Такого «подходящего» они сквозь кустарник увидели буквально через полчаса, как залегли у дороги. Было еще сумрачно, утро только-только пробивалось сквозь плотные, тяжелые тучи, завалившие небо. Где-то за поворотом дороги раздался стук колес по мягкой дороге, показалась двуколка, запряженная коротконогим конем, в повозке сидел человек в старой, помятой шляпе, в пестром пледе, накинутом на плечи. Человек был давно не брит, седая щетина на дряблых, обвислых щеках топорщилась во все стороны, во рту у него торчала потухшая, кажется, трубка.
— Местный крестьянин, — сказал Назаров и ткнул Кружилина в бок. — Давай, Вася.

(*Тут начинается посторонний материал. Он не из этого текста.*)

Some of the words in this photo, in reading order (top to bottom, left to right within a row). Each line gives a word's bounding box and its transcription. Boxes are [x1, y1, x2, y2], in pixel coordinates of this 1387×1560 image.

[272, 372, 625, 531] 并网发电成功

Назаров остался лежать в кустах, а Василий вышел на дорогу. Увидев его, человек в повозке уронил изо рта трубку, поймал ее, привстал было, словно хотел выскочить из повозки, но передумал, опустился, натянул вожжи. Только покрепче взял в руки кнут, явно показывая, что у него имеется этот предмет.
— Здравствуй, отец. Ты не бойся, — сказал Василий, останавливаясь метрах в трех от повозки и всем своим видом показывая, что нападать не собирается.

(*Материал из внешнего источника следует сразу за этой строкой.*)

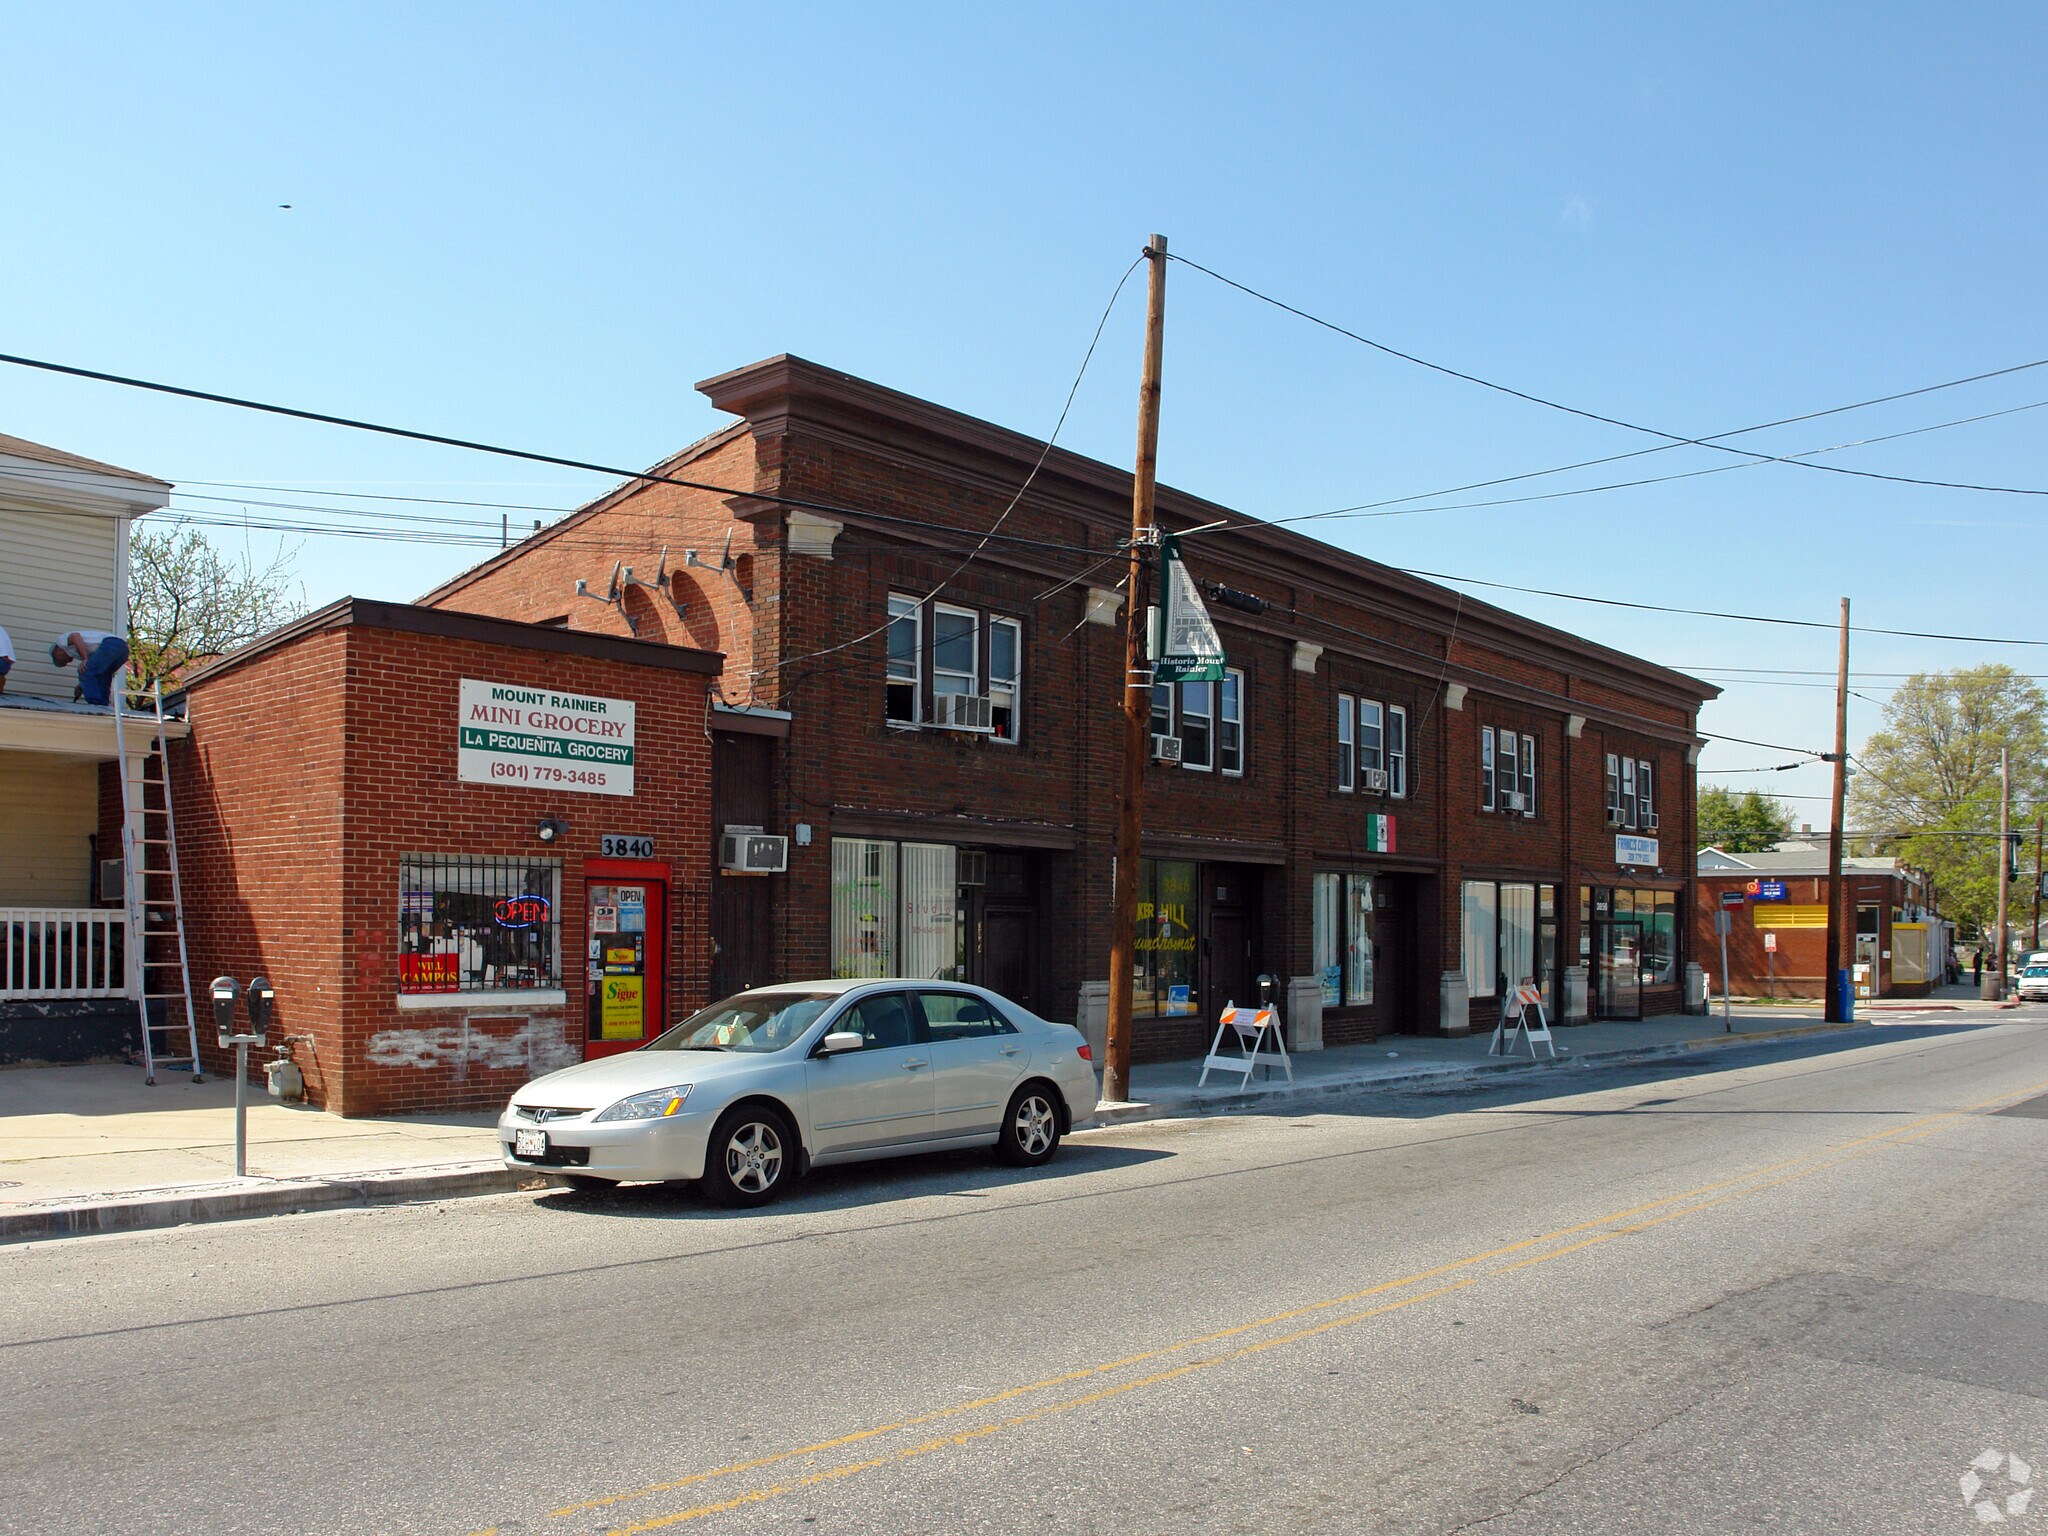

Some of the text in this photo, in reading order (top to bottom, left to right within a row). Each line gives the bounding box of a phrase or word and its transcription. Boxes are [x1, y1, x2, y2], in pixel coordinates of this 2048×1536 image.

[1160, 656, 1224, 665] Historic Mount
[1175, 665, 1207, 673] Rainier
[492, 688, 607, 714] MOUNT RAINIER
[470, 704, 627, 738] MINI GROCERY
[489, 732, 562, 754] PEQUEÑITA
[567, 742, 629, 761] GROCERY
[491, 762, 606, 786] (301) 779-3485
[603, 838, 653, 857] 3840
[620, 890, 641, 902] OPEN
[495, 900, 547, 922] OPEN
[1136, 902, 1189, 931] KER HILL
[402, 971, 458, 983] CAMPOS
[417, 961, 444, 971] WILL
[606, 981, 639, 1003] Sigue

— Ich verstehe nicht, — проговорил старик и тут же закивал головой. — Guten Morgen! Guten Morgen![18]
— Вы немец, а не чех разве? — упавшим голосом спросил Василий. — Где мы находимся?
— Ich verstehe nicht, — повторил старик.
Из зарослей вышел Назаров. Старик в повозке покосился на него, но теперь не испугался или пытался показать, что не испугался — маленькие, тусклые уже от времени глаза его все же подрагивали.
— Ist das die Tschechoslowakei?[19]
— Nein, Deutschland. Deutschland, — повторил он, показывая кнутом вправо. — Da ist Breslau. — Затем повернулся в противоположную сторону: — Da ist Prag.[20]
Все было ясно — они спутали направление и шли совсем в противоположную сторону. И Василий, и Назаров несколько секунд стояли, растерянные.
Старик немец поглядел по сторонам, потом спросил:
— Seid ihr russische Kriegsgefangene?[21]
— Да, мы русские, — ответил Василий. — Не дашь ли чего поесть, отец? Эссен?
— Ja, ja, — кивнул старик, торопливо стал развязывать какую-то корзину. Он вынул оттуда большую квадратную буханку настоящего хлеба, протянул.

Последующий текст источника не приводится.